Note: this post was written back in 2013. But I think it’s still relevant, so we’re reposting it this morning.
Some life lessons that usually get learned after the fact:
- If you get a cheap lawyer, you have to pay him, and then you have to get an expensive lawyer to fix both the original problem and the even bigger one that the cheap lawyer created.
- If you visit a cheap tax consultant, you pay a lot of tax (or you pay no tax initially, and then you get hit with a massive tax audit and a potential jail sentence somewhere down the line).
- If you sign up for a cheap insurance, you’re probably not covered for very much. And, certainly, nothing that you claim for.
- If you get treated by a cheap doctor, you might die sooner than expected.
I guess maybe you can’t really learn from number 4. But here’s a possible silver lining: perhaps your children will learn from it.
But that aside, here’s an old adage: “No free lunches”
Good Deals and The Market
Exercising cheapness means belonging to the “I win when you lose” school of thought. You’re looking for that point where you clearly get the best end of the deal, and the other guy is the unwitting mug that walks away with that sensation of having just been robbed.
Which is fine – I mean, good for you if you manage to do it.
But it’s probably not a long term strategy.
Let me explain it using some old-school demand and supply graphs.
The principle of demand is: as the price of something goes up, so I’ll want less of it.
The principle of supply is: as the price of something goes up, so I want to sell you more of it.
And when you put it all together, you end up with the following graph:
That’s basic economic theory, right? Where my demand spectrum and your supply preferences intersect, we’ll settle on a price and a quantity to be supplied.
You’ll notice that I’m only talking about quantity (the number of items, or the number of hours of time, or whatever). The above graphs don’t say anything explicit about quality. The reason for that: if the quality goes up, I’ll actually want more than I originally wanted at every price. So something like the orange line below:
But let’s put that aside for the moment, and spend some time reflecting on el Cheapo in the corner with the tight-sphincter expression. What does he/she/ze want? They want the same things as everyone else, just for less than what everyone else is paying. And they want to do that at every single price.
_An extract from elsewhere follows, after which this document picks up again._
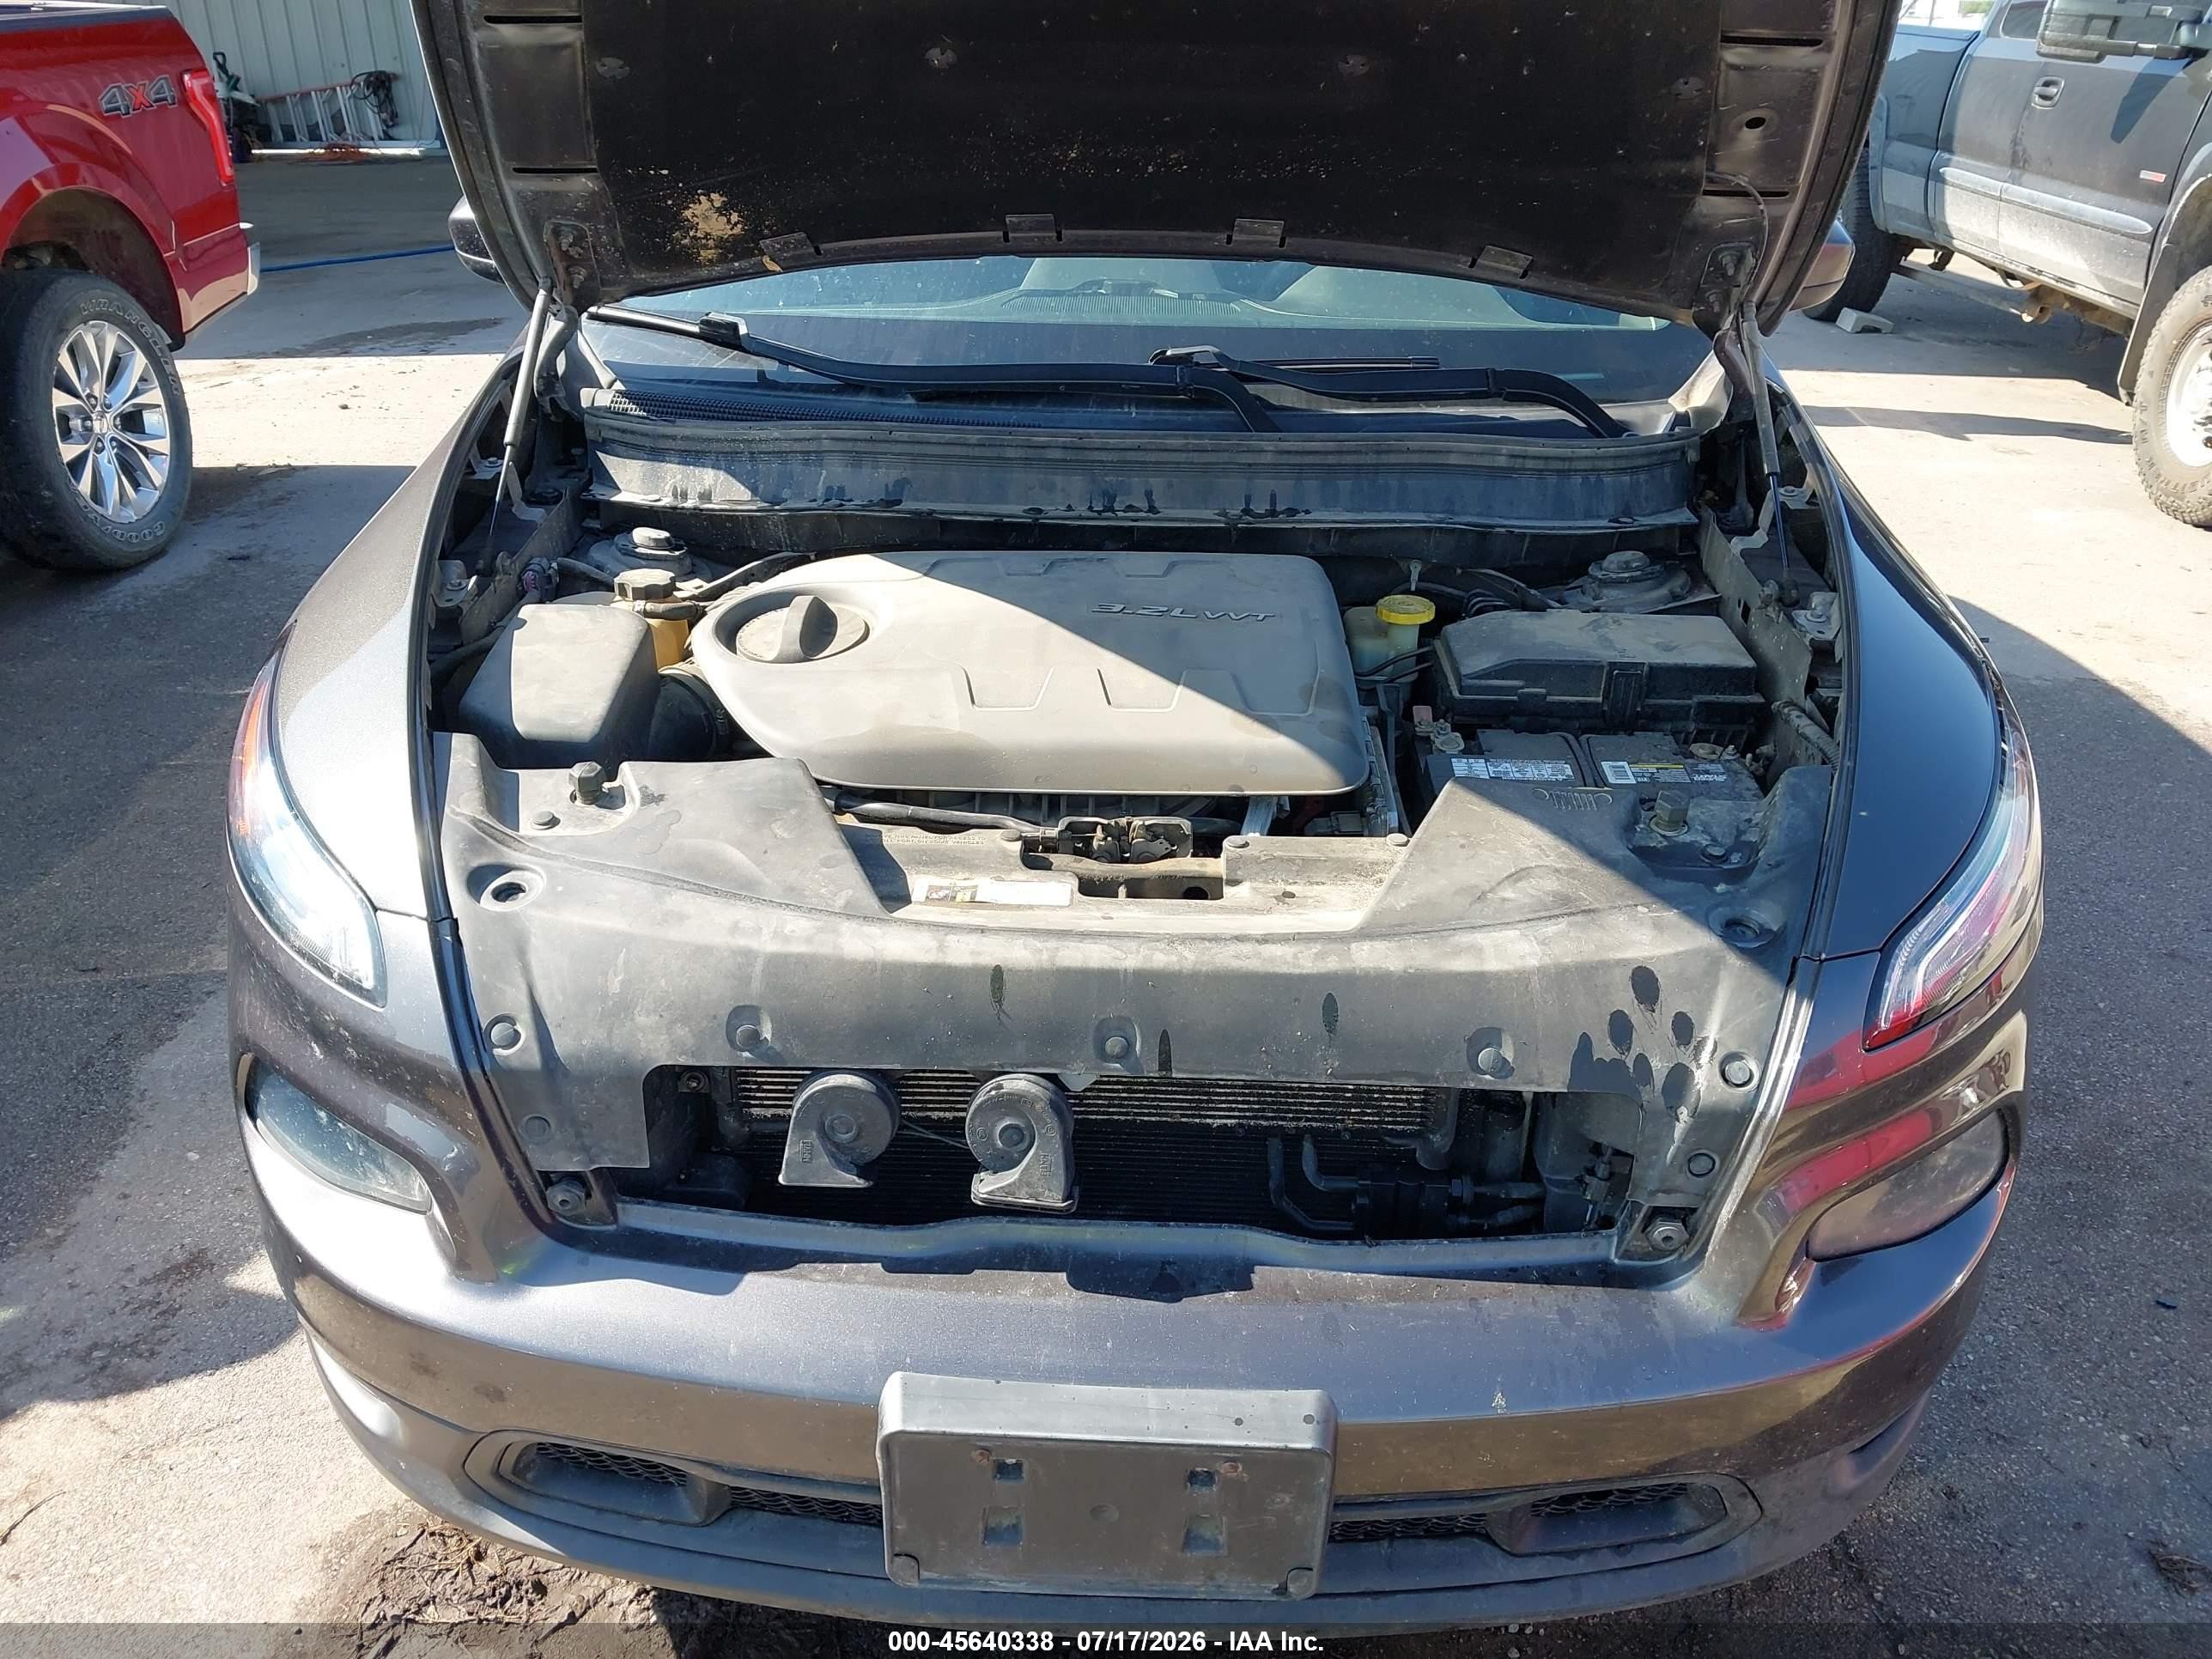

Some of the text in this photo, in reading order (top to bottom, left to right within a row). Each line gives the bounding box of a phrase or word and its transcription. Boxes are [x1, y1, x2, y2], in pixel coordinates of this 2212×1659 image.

What they’re actually saying: they want more than everyone else at any given price.
In fact, if we say that most people (ie. the market) has the purple demand curve, then the demand curve for the misers amongst us is the orange one. Which seems a little counter-intuitive (don’t they want to pay less than everyone else?), but let me try and give an example:
- I hire a labourer for $100 – and I expect him to work 20 hours for me (ie. I pay him $5 per hour).
- If I were cheap, I might still hire a labourer for $100 – but I’ll expect him to work 30 hours for me (ie. $3.33 per hour).
- What this looks like:
Isn’t that the definition of a good deal: more bang for your buck?
The problem, in the long run, is that one or more of the following ends up happening:
- The person I hired leaves me just as soon as they can for someone paying a more reasonable rate; or
- The person I hired is only willing to work for 30 hours if they get paid, say, $175 (ie. $5.83 per hour) – so they’ll work for 30 hours, as long as they can somehow steal and/or cost you the difference; or
- The person I hired takes about a third of their time on sick leave. Or on facebook. Or having coffee on my credit card.
Here’s a scary fourth alternative: the person I hired is actually willing to work 30 hours for $100. Why is that scary? Well, the more important question is why they’re willing to work so cheaply. And the risk, especially with skilled professionals (like doctors and lawyers), is that they’re the workers that no one else wants at the market rate. Because they’re so bad at what they do.
I’m going to close with another adage: “You tend to get what you pay for”.
Even if you only pay for it in the end.